We have a strange case of mistaken identity that needs to be reported. The fossils were previously thought to have been left by prehistoric tentacle-bearing aquatic invertebrates freezes It may actually have been created by a different source: seaweed.

That’s the conclusion of a new study of the 500-million-year-old remains, which has taken a fresh look at them Primary fission gates excavations it He thought to represent the oldest recorded Bryozoans remains.

In addition to seemingly setting the record straight, the findings again change what we know about the evolution of Bryozoans. To date, they are the only fossilized animals that have not been around Cambrian explosionwhen life on Earth really began to accelerate.

The team identified several new fossils. (Yang et al., nature2023)

“We tend to think of the Cambrian Explosion as a unique period in evolutionary history in which all the blueprints for animal life were drawn,” He says Paleontologist Martin Smith, of Durham University in the UK. “Most of the later development boiled down to smaller-scale tinkering with these original body plans.”
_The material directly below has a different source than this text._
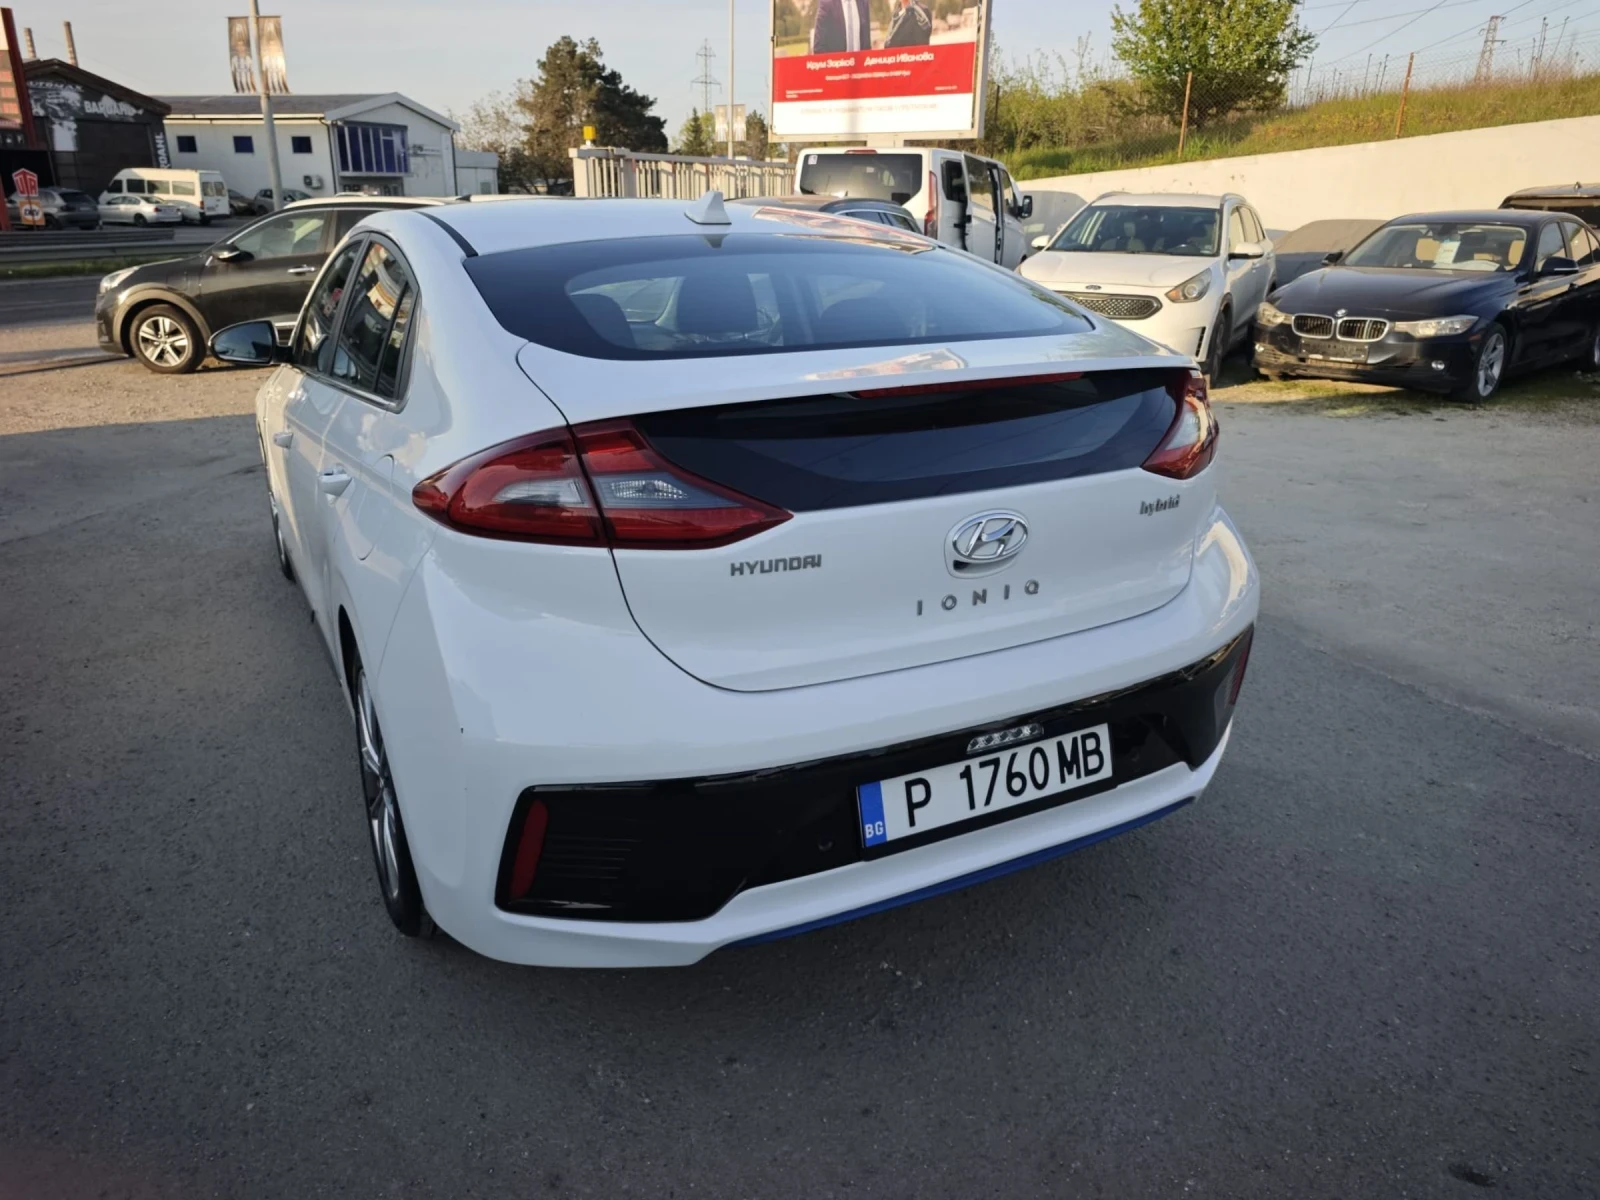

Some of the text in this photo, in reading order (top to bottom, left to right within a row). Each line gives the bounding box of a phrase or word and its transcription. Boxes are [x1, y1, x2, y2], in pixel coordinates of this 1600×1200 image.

“But if Bryozoans really did evolve after the Cambrian period, it shows that evolution preserved its creative touch after this critical period of innovation—the course of life may not have been well defined half a billion years ago.”

The study authors examined a small P.gateshousei Fossils found in the hills of southern China, separate from the group identified as bryozoans, have discovered previously unseen evidence of soft parts in their specimens.

These new discoveries make these fossils more suitable for green algae, in a group known as dacycladelesparticularly in signs of an outer membrane that was not present in other fossil specimens, the new study suggests.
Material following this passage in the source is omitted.